Sam Cooper founded Phenomic AI in 2017 alongside Oren Kraus, as an early stage biotech company seeking to commercialise AI approaches for pharmaceutical R&D. He discusses the role of AI in drug discovery with Lu Rahman.
LR: Where are we with deep learning and drug discovery and how effective is it for researchers? How well is it received and are barriers to cost an issue?
SC: Some promise deep learning will revolutionise drug-discovery overnight; others are over-critical of a powerful new tool in our data analysis arsenal. The reality lies in the middle and is problem-specific.
Deep-learning offers a powerful approach for handling complex raw inputs, where abstraction is key to analysis, for example, recognising objects in images, or determining a person’s mood from a speech input. Here, we’ve seen deep-learning achieve human level performance in previously intractable problems. The challenge in drug discovery is identifying key use cases where deep-learning can solve the problem, and the problem is a valuable discovery problem.
If you’ve identified one of these key use cases, and demonstrated you’ve a product that solves it – converting the value is not difficult. Similarly, cost is not a barrier – for start-ups, cloud providers have programs letting you get set-up for free; for big companies, compute costs should be a small fraction of the cost of wet-lab experiments and payroll.
LR: How can it change the way researchers approach drug discovery in cancer – what benefits and savings does it create for them?
SC: A great use case in cancer is in scoring levels of tumour infiltrating lymphocytes (TILs) in a tumour, a key marker of anti-cancer immune activity and thus both an in vivoendpoint, and patient stratification measure. Manual TIL scoring involves a trained histologist analysing a huge number of slides and is expensive and time-consuming.
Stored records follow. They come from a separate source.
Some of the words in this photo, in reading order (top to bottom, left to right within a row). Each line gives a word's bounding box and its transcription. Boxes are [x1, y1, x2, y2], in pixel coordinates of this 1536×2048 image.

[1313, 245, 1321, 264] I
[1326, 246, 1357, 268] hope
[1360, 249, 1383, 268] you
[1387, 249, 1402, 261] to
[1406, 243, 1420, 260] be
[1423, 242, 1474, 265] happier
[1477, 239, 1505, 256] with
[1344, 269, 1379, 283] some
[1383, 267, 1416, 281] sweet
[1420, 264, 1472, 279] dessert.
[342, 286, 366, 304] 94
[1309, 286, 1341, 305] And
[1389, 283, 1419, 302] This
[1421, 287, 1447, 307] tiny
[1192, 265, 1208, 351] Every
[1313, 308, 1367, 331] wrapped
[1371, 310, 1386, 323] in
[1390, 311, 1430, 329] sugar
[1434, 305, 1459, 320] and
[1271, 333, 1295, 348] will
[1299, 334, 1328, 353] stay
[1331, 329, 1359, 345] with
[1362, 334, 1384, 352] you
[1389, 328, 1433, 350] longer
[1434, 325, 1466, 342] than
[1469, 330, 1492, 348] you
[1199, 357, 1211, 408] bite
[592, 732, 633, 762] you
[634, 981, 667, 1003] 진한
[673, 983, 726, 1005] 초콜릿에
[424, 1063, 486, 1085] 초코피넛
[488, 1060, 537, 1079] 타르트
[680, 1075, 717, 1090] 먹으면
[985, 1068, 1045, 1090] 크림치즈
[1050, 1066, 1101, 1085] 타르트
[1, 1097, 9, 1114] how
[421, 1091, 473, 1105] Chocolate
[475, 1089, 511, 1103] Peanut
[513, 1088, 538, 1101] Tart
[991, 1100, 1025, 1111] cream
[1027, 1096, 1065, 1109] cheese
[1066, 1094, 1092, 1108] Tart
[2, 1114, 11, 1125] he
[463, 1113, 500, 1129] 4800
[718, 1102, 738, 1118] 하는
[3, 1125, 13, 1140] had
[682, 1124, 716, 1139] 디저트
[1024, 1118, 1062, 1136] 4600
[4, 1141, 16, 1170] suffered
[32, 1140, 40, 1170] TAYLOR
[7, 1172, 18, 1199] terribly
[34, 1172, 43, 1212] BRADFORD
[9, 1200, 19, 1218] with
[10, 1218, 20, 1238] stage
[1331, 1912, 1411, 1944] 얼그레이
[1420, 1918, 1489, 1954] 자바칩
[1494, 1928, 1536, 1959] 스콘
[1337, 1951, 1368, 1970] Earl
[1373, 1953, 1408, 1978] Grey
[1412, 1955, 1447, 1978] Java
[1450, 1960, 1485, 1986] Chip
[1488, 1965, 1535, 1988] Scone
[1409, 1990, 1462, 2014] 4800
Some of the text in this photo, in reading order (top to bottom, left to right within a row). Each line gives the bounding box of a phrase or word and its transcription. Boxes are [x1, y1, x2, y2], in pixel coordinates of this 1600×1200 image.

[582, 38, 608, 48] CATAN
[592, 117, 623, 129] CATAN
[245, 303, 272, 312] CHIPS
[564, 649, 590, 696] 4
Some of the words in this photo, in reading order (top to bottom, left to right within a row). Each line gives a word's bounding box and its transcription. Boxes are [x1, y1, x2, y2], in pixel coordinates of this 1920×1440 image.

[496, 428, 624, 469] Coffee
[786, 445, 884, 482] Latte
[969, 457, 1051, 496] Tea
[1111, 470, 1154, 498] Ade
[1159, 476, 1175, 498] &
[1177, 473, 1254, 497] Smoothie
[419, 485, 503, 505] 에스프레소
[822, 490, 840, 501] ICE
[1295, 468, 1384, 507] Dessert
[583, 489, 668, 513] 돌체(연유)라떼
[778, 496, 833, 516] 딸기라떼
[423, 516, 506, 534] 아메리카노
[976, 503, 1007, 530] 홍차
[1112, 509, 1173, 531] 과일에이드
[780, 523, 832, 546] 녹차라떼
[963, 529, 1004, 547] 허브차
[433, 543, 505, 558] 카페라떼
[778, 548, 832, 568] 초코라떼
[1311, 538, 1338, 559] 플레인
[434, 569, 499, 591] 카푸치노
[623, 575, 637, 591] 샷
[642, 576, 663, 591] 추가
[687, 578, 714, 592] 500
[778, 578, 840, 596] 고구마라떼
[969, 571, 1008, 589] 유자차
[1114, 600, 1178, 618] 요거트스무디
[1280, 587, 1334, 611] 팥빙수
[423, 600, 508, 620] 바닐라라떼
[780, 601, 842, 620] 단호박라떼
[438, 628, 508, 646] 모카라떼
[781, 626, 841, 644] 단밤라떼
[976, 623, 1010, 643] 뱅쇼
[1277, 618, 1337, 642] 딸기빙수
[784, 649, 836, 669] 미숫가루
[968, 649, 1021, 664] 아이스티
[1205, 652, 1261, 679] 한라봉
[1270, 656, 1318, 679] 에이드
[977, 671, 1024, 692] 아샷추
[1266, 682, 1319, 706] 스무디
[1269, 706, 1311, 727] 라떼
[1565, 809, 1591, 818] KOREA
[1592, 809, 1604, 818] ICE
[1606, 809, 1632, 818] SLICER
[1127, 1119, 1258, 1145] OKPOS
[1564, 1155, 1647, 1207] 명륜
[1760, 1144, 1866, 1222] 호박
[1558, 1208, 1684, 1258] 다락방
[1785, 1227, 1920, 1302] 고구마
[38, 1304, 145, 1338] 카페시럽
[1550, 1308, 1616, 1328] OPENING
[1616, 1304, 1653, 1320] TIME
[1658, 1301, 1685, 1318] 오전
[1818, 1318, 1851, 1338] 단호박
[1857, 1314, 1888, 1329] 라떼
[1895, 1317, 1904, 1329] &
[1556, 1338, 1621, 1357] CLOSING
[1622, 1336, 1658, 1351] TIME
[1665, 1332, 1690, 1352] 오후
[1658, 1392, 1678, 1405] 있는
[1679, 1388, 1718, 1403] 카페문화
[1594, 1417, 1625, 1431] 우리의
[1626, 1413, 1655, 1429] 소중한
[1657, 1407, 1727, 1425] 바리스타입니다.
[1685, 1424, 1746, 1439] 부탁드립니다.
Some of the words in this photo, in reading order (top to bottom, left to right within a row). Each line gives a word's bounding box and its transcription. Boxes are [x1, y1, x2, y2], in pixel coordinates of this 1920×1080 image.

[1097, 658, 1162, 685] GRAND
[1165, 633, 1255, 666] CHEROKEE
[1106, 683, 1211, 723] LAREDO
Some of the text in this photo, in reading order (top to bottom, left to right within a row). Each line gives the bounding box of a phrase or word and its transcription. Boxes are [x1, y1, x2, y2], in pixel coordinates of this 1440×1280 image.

Deep-learning models exist that can accurately quantify TILs across any number of slides for a fraction of the cost of manual analysis.
Other use cases in cancer drug-discovery include, more effective patient stratification based on analysis of tumour scans by deep-learning, chemical property prediction to improve molecule design, and analysis of imaging and genetic data from complex in vitroscreens, eg. organoids, which we perform at Phenomic.
LR: What are the challenges in discovering and developing new drugs for cancer and how will AI help overcome them?
SC: At a high-level, data-analysis in cancer drug discovery is becoming more complex. We’re moving from monotherapies with opportunistic combination trials, to combination ‘native’ pipelines. Targets are shifting from those that are exclusive to cancer cells and their growth, to those that contribute to the state of the wider tumour microenvironment, eg inflamed vs. excluded, invasive vs. non-invasive. Prior failure rates in trials are forcing us to selectively identify specific patient subsets that result in us gaining maximal information on our treatment in the clinic at minimal cost. This results in an environment where we’re unable to process the raw data required to make discovery decisions. Analysts versed in biology and the suite of data-analysis tools at their disposal for processing these data-inputs and providing outputs that can be acted upon will thus become integral to the majority of pipelines.
LR: Where do you see the research opportunities in this market?
SC: There is opportunity to apply the same strategies that have become the norm in cancer, (eg. patient stratification, combination treatment, population screening) to other major disease areas. This, in part, needs to be driven by concerted efforts from academia to build resources that industry can use, and that are simply too difficult and costly for industry to build. An example of this is The Cancer Genome Atlas (TCGA), which is now an incredible resource employed by companies globally across their discovery pipelines from discovery through to stratification for clinical trials.
LR: What long term effects do you see AI having on drug discovery?
SC: AI/ML will become ingrained in discovery pipelines in a way that we’ll often forget it’s even there. At Phenomic, we’ve now become so versed in using the probability of a cell being in a specific state (eg. fibroblast vs. myofibroblast probability), we often forget this is not the industry norm. This level of integration, plus continued advances in therapeutic modalities, will be necessary for us to continue to generate new medicines at a productivity level that is acceptable to investors and society as a whole.